▶ _How to complete this task_: All records below are to be repeated precisely, with nothing added.

▶ _Provided data_:
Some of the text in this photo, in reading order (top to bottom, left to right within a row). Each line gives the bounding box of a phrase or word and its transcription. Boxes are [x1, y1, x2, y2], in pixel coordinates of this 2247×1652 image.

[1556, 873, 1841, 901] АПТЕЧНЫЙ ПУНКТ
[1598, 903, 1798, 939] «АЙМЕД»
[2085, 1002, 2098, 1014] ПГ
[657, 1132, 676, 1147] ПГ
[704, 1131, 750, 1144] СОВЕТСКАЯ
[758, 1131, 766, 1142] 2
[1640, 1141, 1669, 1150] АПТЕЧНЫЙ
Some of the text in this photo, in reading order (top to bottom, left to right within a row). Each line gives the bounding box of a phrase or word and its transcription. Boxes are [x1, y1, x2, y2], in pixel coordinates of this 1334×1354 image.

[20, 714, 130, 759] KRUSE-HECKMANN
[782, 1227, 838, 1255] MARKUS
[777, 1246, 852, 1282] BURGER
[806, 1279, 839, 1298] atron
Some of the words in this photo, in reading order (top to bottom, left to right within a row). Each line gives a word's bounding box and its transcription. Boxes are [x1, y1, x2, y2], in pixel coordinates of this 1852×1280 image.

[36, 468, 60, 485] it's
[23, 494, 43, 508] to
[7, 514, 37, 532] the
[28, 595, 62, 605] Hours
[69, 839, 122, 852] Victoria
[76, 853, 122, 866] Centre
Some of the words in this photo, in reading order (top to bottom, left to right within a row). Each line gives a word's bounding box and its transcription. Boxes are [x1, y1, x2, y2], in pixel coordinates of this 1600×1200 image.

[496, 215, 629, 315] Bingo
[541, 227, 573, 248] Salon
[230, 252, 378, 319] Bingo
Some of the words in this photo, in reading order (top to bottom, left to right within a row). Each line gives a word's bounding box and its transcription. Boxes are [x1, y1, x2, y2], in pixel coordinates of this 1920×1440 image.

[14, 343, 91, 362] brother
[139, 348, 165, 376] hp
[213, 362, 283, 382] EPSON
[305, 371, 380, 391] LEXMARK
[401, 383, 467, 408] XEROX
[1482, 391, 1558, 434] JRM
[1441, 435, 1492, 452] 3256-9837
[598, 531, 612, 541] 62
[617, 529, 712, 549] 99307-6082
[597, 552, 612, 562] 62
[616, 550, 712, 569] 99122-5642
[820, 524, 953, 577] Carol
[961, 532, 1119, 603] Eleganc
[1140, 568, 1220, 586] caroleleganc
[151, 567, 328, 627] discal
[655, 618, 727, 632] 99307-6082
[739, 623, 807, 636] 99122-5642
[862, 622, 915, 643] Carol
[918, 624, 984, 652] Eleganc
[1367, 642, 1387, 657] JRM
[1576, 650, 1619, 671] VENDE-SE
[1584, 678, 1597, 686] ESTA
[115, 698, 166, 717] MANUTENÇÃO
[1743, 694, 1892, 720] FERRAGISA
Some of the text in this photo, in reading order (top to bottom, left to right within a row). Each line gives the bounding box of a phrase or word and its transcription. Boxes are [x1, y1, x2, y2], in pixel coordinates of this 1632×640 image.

▶ _Finished exercise_:
Some of the text in this photo, in reading order (top to bottom, left to right within a row). Each line gives the bounding box of a phrase or word and its transcription. Boxes are [x1, y1, x2, y2], in pixel coordinates of this 2247×1652 image.

[1556, 873, 1841, 901] АПТЕЧНЫЙ ПУНКТ
[1598, 903, 1798, 939] «АЙМЕД»
[2085, 1002, 2098, 1014] ПГ
[657, 1132, 676, 1147] ПГ
[704, 1131, 750, 1144] СОВЕТСКАЯ
[758, 1131, 766, 1142] 2
[1640, 1141, 1669, 1150] АПТЕЧНЫЙ
Some of the text in this photo, in reading order (top to bottom, left to right within a row). Each line gives the bounding box of a phrase or word and its transcription. Boxes are [x1, y1, x2, y2], in pixel coordinates of this 1334×1354 image.

[20, 714, 130, 759] KRUSE-HECKMANN
[782, 1227, 838, 1255] MARKUS
[777, 1246, 852, 1282] BURGER
[806, 1279, 839, 1298] atron
Some of the words in this photo, in reading order (top to bottom, left to right within a row). Each line gives a word's bounding box and its transcription. Boxes are [x1, y1, x2, y2], in pixel coordinates of this 1852×1280 image.

[36, 468, 60, 485] it's
[23, 494, 43, 508] to
[7, 514, 37, 532] the
[28, 595, 62, 605] Hours
[69, 839, 122, 852] Victoria
[76, 853, 122, 866] Centre
Some of the words in this photo, in reading order (top to bottom, left to right within a row). Each line gives a word's bounding box and its transcription. Boxes are [x1, y1, x2, y2], in pixel coordinates of this 1600×1200 image.

[496, 215, 629, 315] Bingo
[541, 227, 573, 248] Salon
[230, 252, 378, 319] Bingo
Some of the words in this photo, in reading order (top to bottom, left to right within a row). Each line gives a word's bounding box and its transcription. Boxes are [x1, y1, x2, y2], in pixel coordinates of this 1920×1440 image.

[14, 343, 91, 362] brother
[139, 348, 165, 376] hp
[213, 362, 283, 382] EPSON
[305, 371, 380, 391] LEXMARK
[401, 383, 467, 408] XEROX
[1482, 391, 1558, 434] JRM
[1441, 435, 1492, 452] 3256-9837
[598, 531, 612, 541] 62
[617, 529, 712, 549] 99307-6082
[597, 552, 612, 562] 62
[616, 550, 712, 569] 99122-5642
[820, 524, 953, 577] Carol
[961, 532, 1119, 603] Eleganc
[1140, 568, 1220, 586] caroleleganc
[151, 567, 328, 627] discal
[655, 618, 727, 632] 99307-6082
[739, 623, 807, 636] 99122-5642
[862, 622, 915, 643] Carol
[918, 624, 984, 652] Eleganc
[1367, 642, 1387, 657] JRM
[1576, 650, 1619, 671] VENDE-SE
[1584, 678, 1597, 686] ESTA
[115, 698, 166, 717] MANUTENÇÃO
[1743, 694, 1892, 720] FERRAGISA
Some of the text in this photo, in reading order (top to bottom, left to right within a row). Each line gives the bounding box of a phrase or word and its transcription. Boxes are [x1, y1, x2, y2], in pixel coordinates of this 1632×640 image.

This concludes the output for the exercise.